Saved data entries
-*-*-
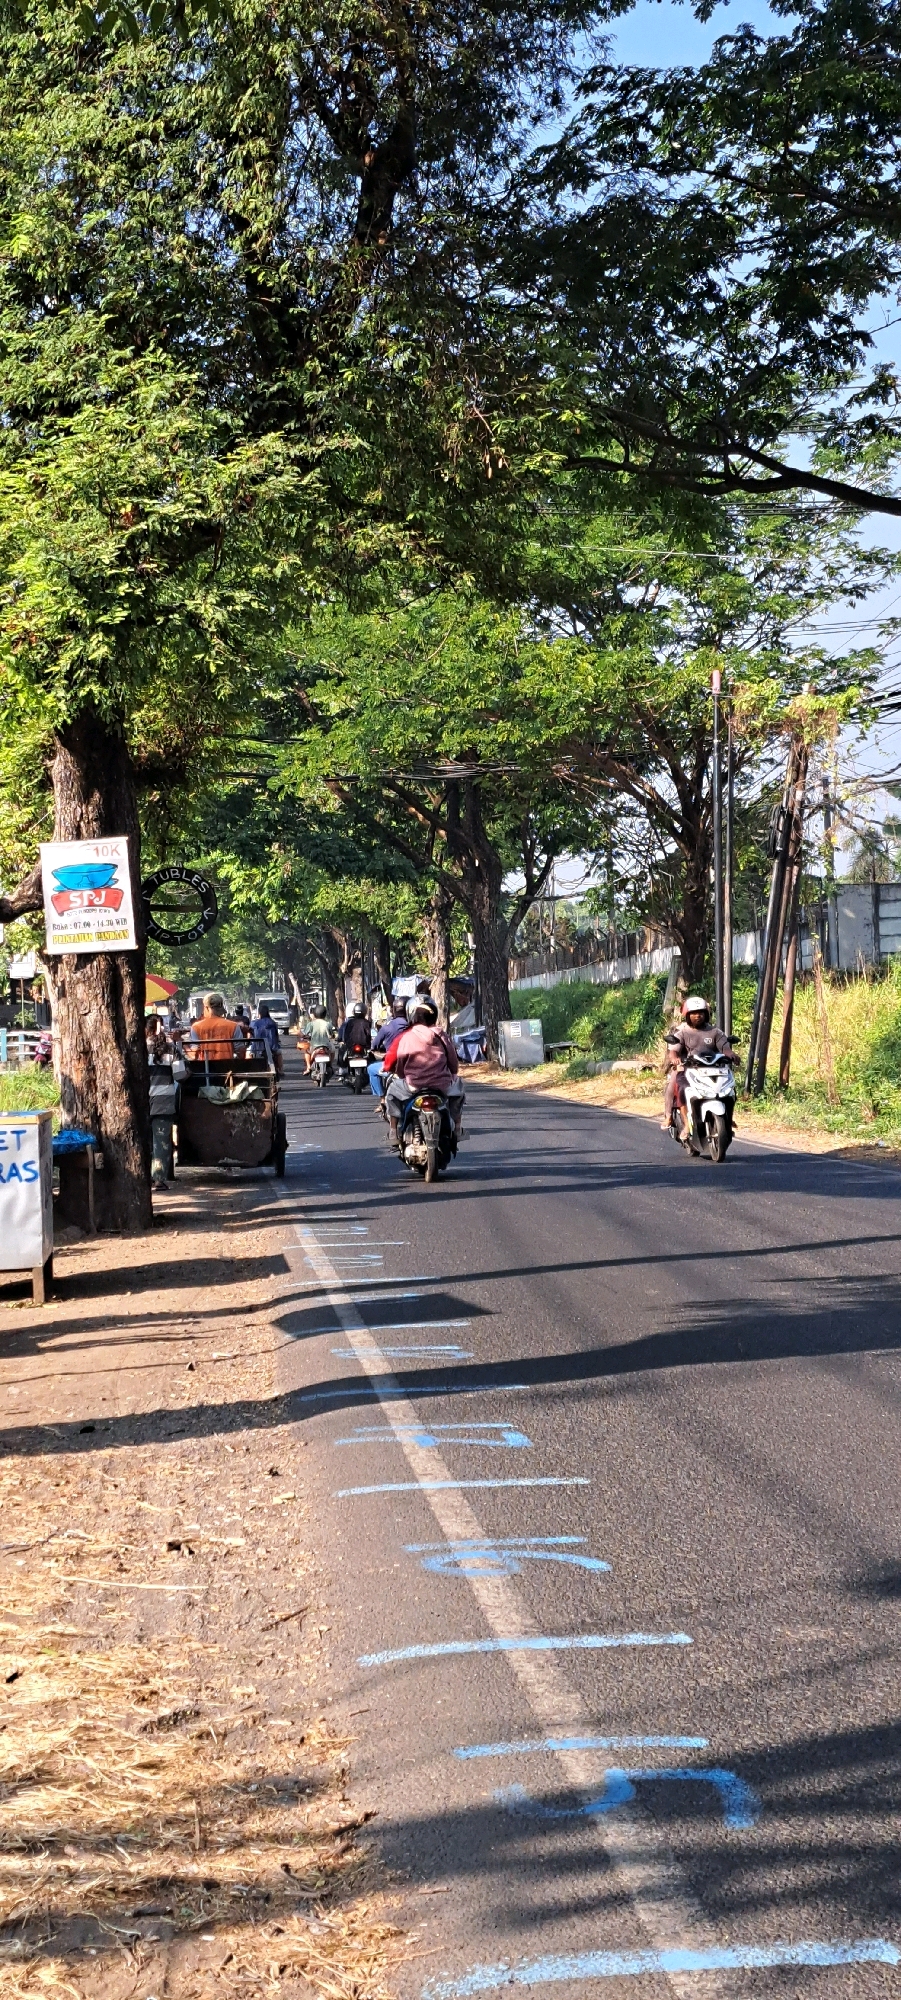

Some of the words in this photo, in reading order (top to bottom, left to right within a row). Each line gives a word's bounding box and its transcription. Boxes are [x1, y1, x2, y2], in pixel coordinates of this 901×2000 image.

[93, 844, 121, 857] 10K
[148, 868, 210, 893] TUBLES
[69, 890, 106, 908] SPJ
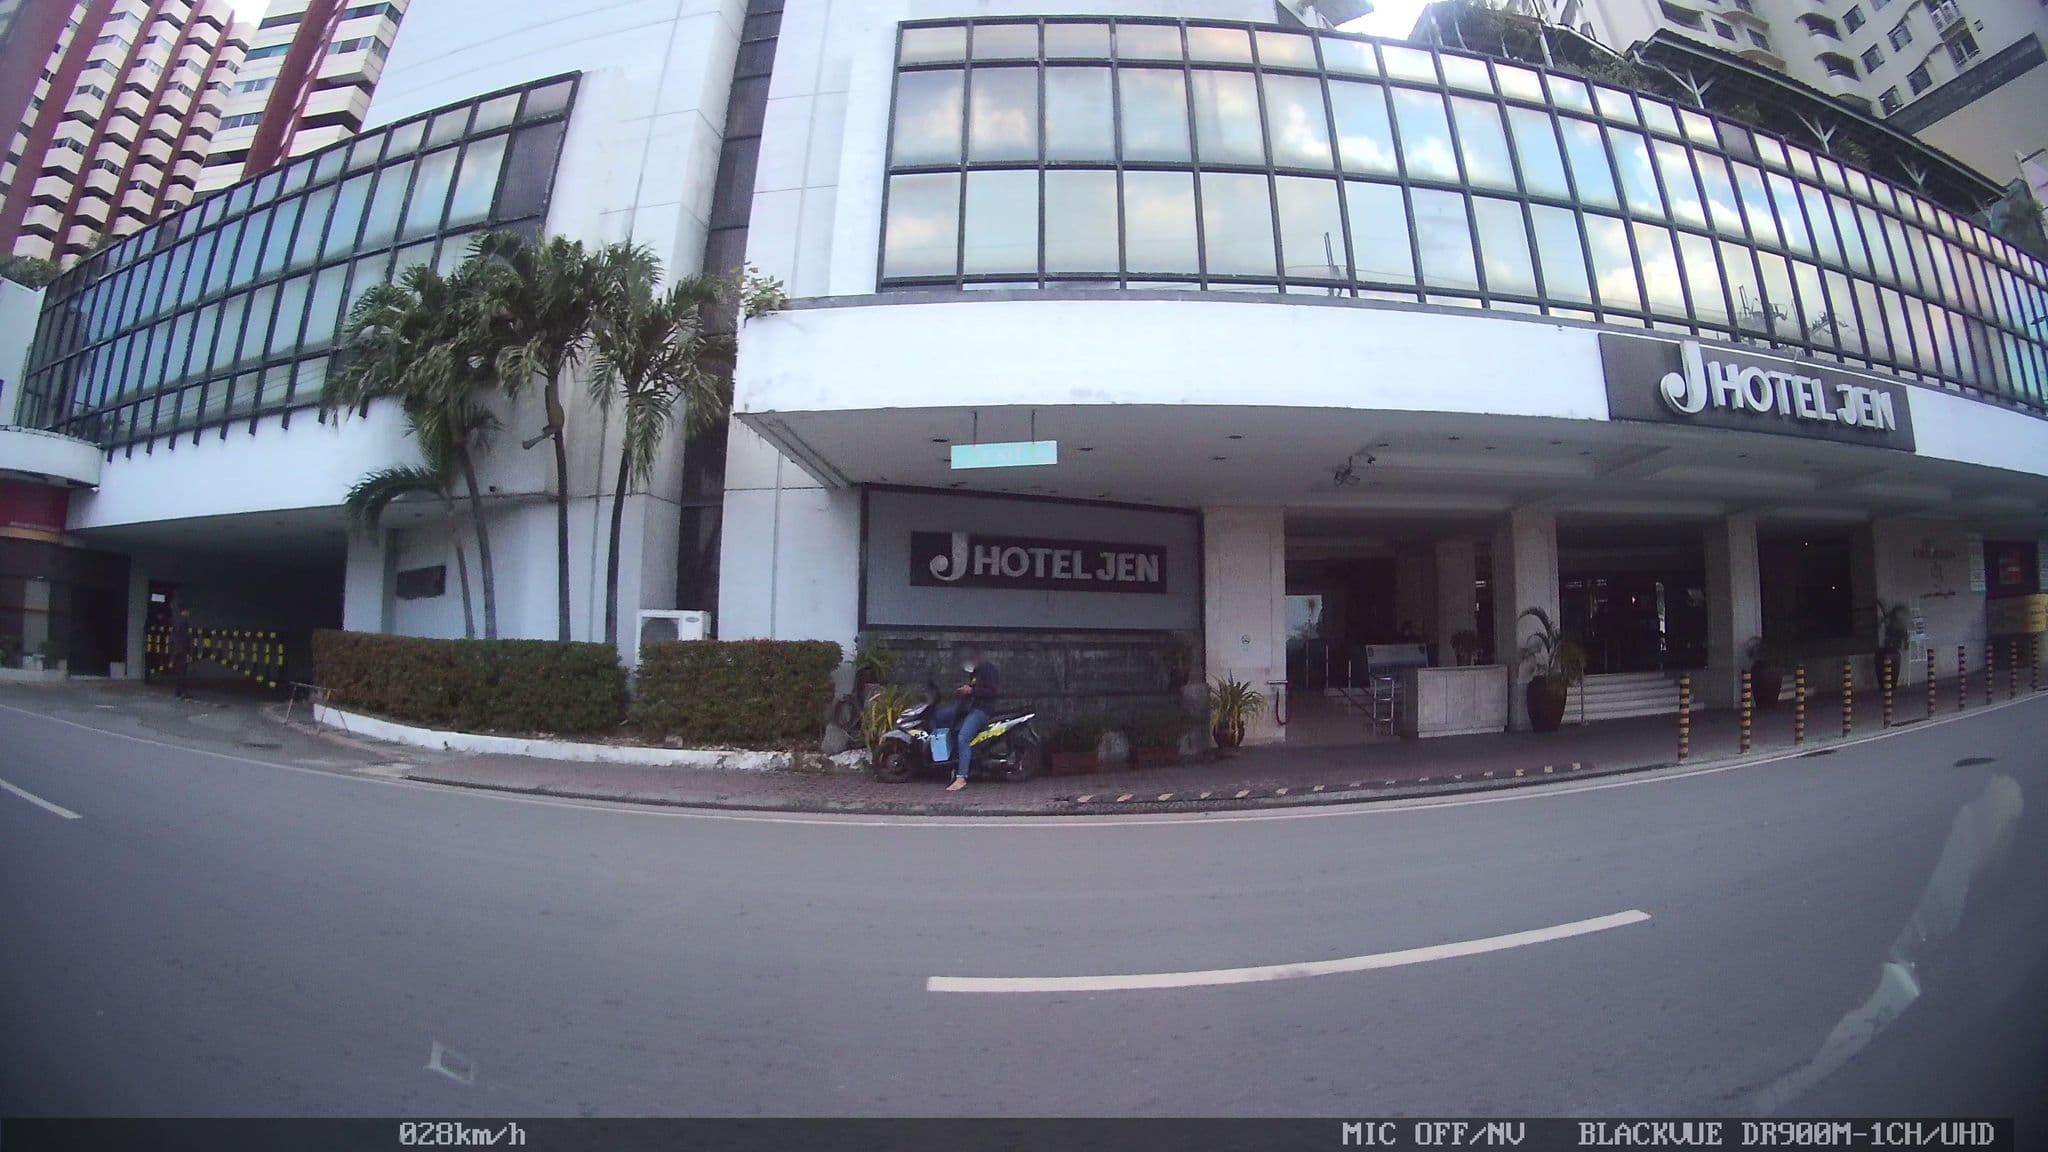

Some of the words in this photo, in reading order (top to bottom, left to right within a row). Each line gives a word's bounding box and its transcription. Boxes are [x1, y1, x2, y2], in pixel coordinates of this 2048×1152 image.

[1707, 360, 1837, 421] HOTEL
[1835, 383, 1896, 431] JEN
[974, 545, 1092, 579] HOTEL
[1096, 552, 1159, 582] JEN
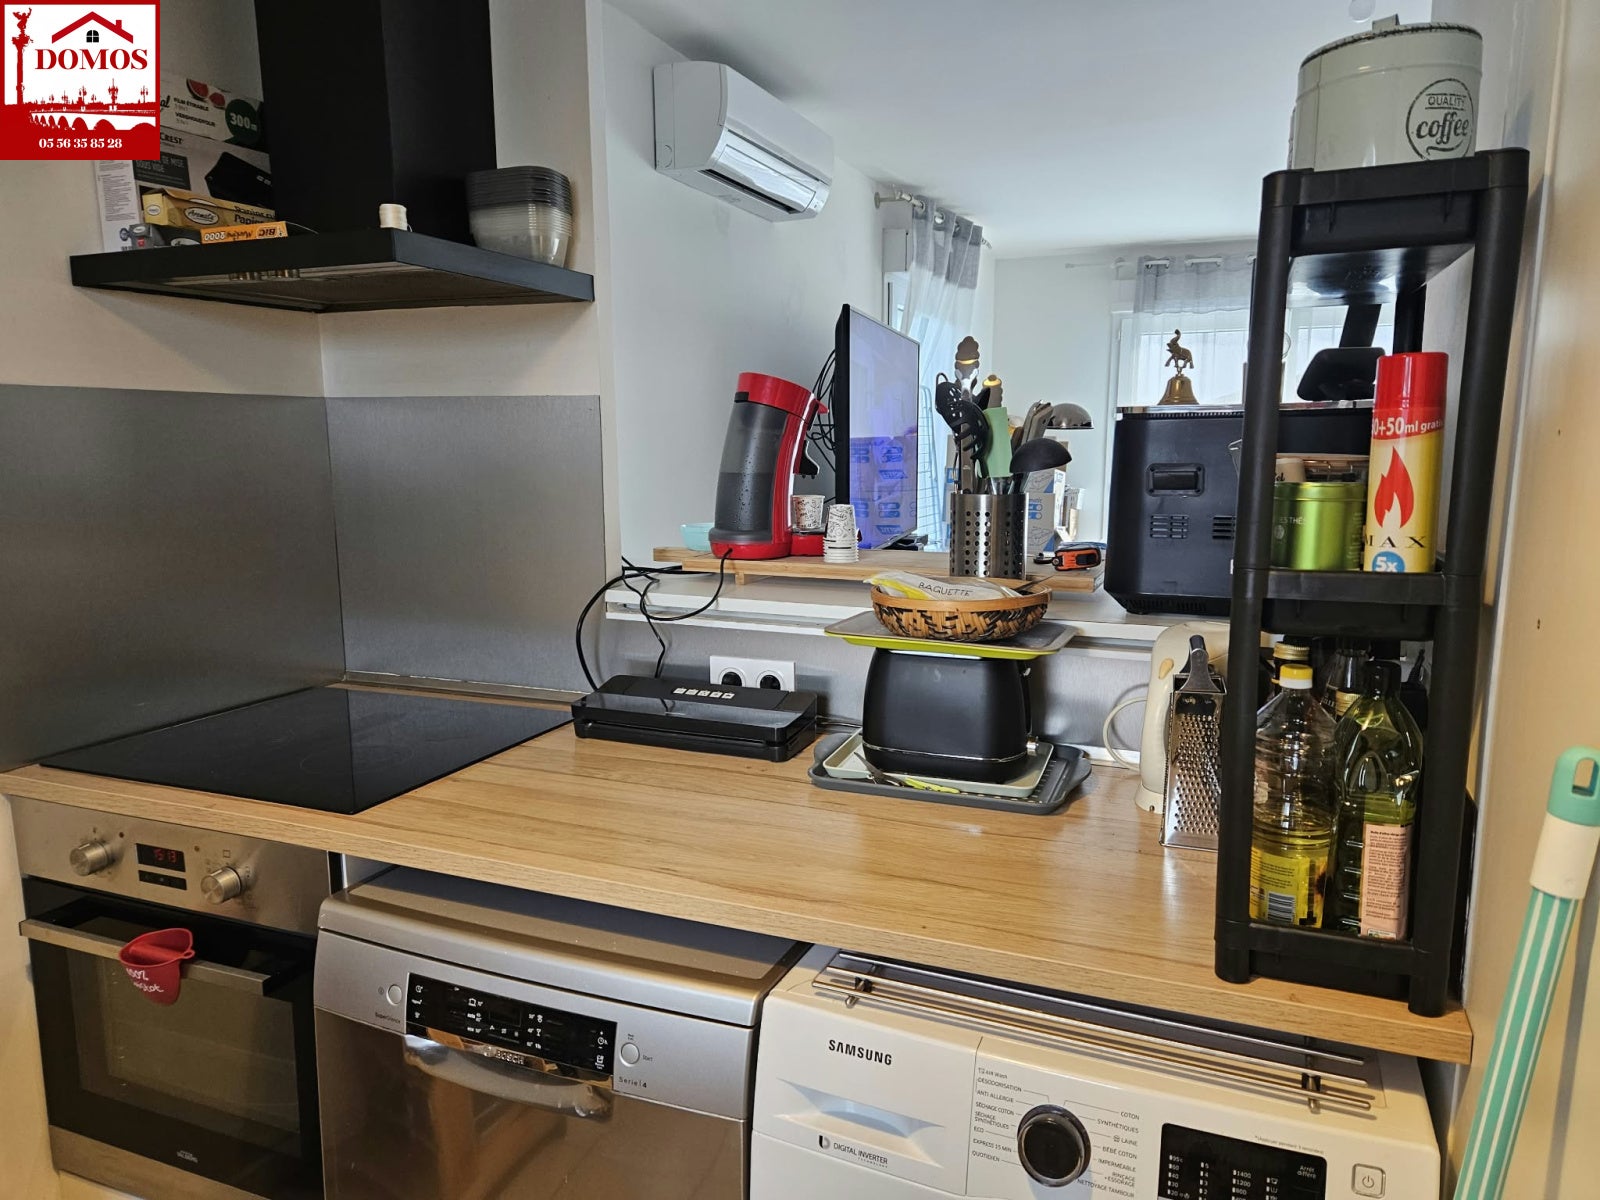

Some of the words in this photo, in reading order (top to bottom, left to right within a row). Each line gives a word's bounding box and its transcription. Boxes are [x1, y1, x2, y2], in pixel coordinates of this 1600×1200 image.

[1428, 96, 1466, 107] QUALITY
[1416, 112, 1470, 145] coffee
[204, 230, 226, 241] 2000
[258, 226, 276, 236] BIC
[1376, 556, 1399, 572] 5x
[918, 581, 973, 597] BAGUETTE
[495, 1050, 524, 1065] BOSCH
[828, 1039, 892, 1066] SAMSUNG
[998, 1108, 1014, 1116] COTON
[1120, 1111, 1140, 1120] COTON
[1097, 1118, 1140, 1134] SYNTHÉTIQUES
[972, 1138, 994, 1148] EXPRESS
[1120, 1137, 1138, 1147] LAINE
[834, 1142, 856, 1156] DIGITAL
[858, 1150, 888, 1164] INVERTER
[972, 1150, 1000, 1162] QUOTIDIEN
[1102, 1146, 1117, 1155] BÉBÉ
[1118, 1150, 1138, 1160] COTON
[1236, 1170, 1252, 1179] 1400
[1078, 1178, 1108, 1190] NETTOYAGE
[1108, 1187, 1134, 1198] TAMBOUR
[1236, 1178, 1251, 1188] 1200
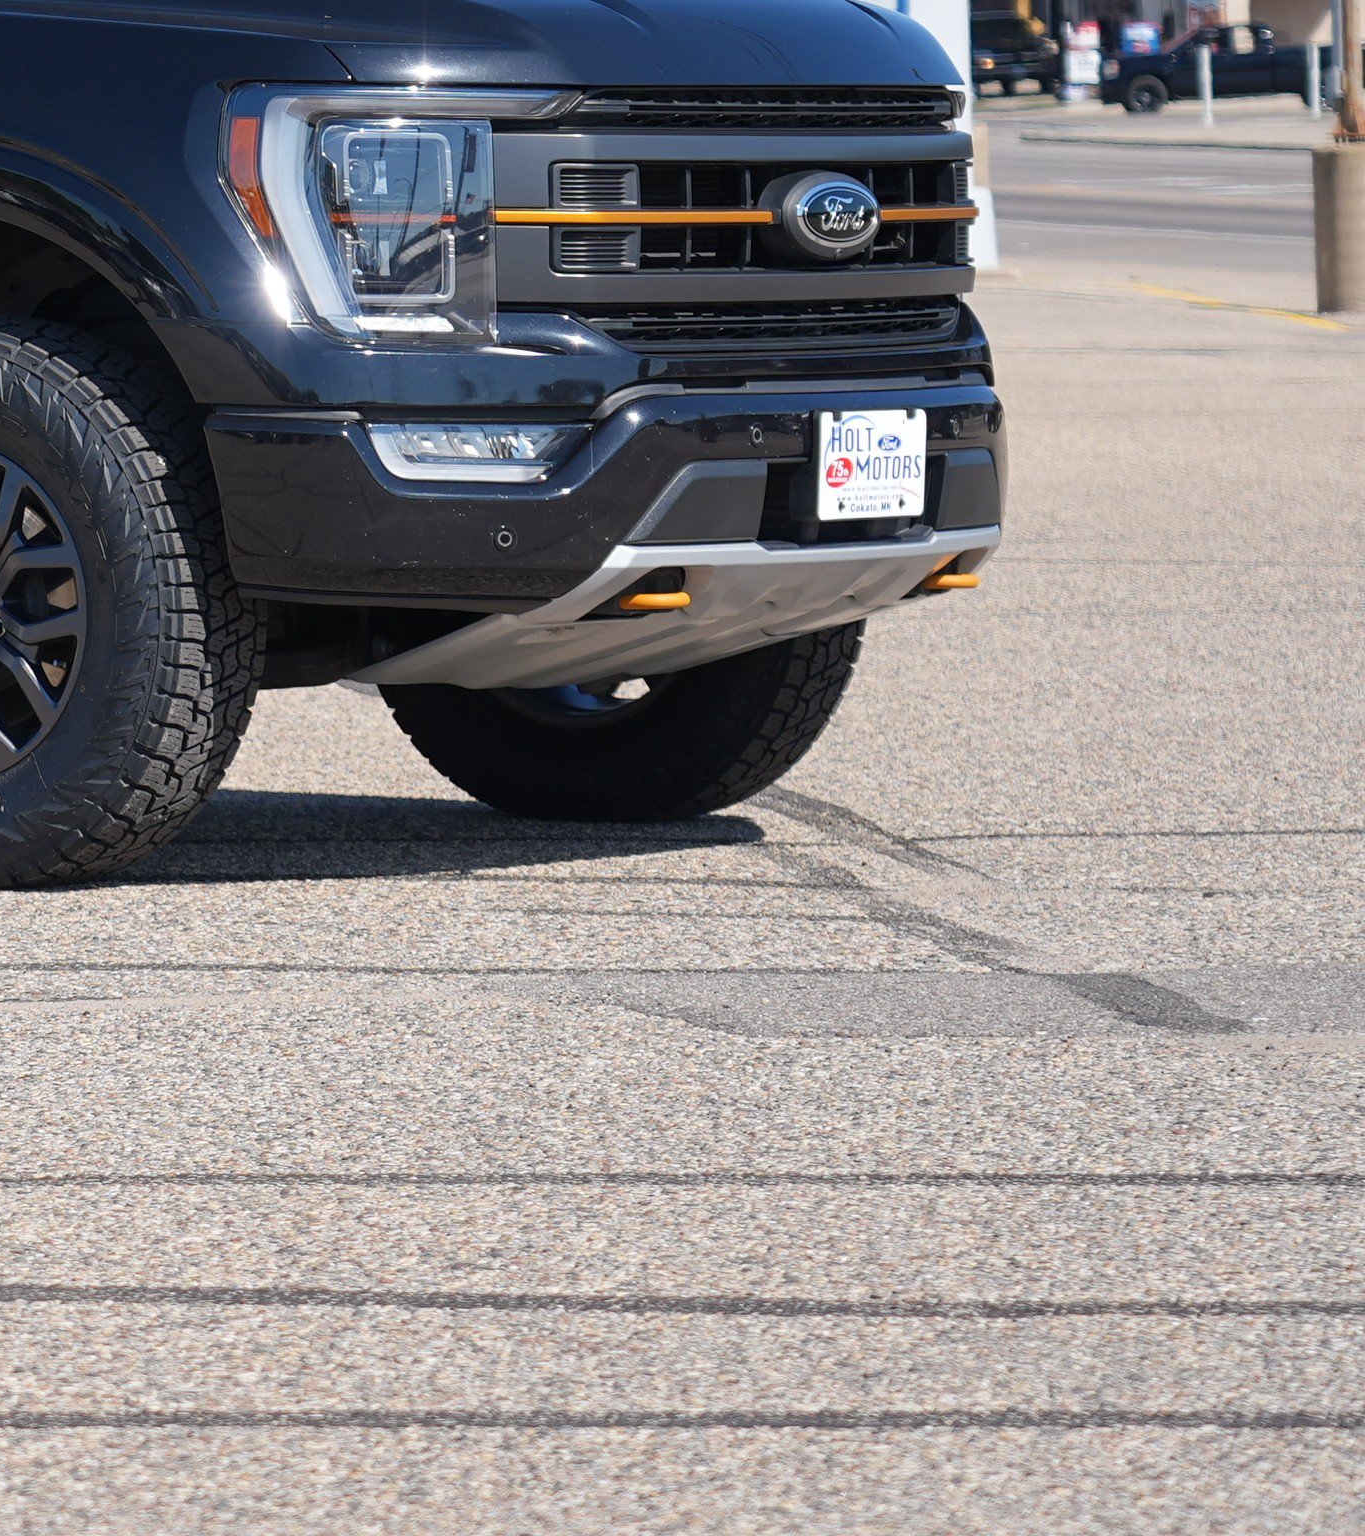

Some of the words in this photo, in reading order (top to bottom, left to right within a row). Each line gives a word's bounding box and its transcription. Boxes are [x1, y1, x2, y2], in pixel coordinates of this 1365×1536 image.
-*-*-
*Assignment*: When copying the records above, please match them exactly but leave out all pictures.

*Response to the task*:
Some of the words in this photo, in reading order (top to bottom, left to right within a row). Each line gives a word's bounding box and its transcription. Boxes are [x1, y1, x2, y2], in pixel coordinates of this 901×2000 image.

[93, 844, 121, 857] 10K
[148, 868, 210, 893] TUBLES
[69, 890, 106, 908] SPJ

Some of the words in this photo, in reading order (top to bottom, left to right within a row). Each line gives a word's bounding box and its transcription. Boxes are [x1, y1, x2, y2], in pixel coordinates of this 2048×1152 image.

[1707, 360, 1837, 421] HOTEL
[1835, 383, 1896, 431] JEN
[974, 545, 1092, 579] HOTEL
[1096, 552, 1159, 582] JEN

Some of the words in this photo, in reading order (top to bottom, left to right within a row). Each line gives a word's bounding box and its transcription. Boxes are [x1, y1, x2, y2], in pixel coordinates of this 1600×1200 image.

[1428, 96, 1466, 107] QUALITY
[1416, 112, 1470, 145] coffee
[204, 230, 226, 241] 2000
[258, 226, 276, 236] BIC
[1376, 556, 1399, 572] 5x
[918, 581, 973, 597] BAGUETTE
[495, 1050, 524, 1065] BOSCH
[828, 1039, 892, 1066] SAMSUNG
[998, 1108, 1014, 1116] COTON
[1120, 1111, 1140, 1120] COTON
[1097, 1118, 1140, 1134] SYNTHÉTIQUES
[972, 1138, 994, 1148] EXPRESS
[1120, 1137, 1138, 1147] LAINE
[834, 1142, 856, 1156] DIGITAL
[858, 1150, 888, 1164] INVERTER
[972, 1150, 1000, 1162] QUOTIDIEN
[1102, 1146, 1117, 1155] BÉBÉ
[1118, 1150, 1138, 1160] COTON
[1236, 1170, 1252, 1179] 1400
[1078, 1178, 1108, 1190] NETTOYAGE
[1108, 1187, 1134, 1198] TAMBOUR
[1236, 1178, 1251, 1188] 1200

Some of the words in this photo, in reading order (top to bottom, left to right within a row). Each line gives a word's bounding box and its transcription. Boxes are [x1, y1, x2, y2], in pixel coordinates of this 1365×1536 image.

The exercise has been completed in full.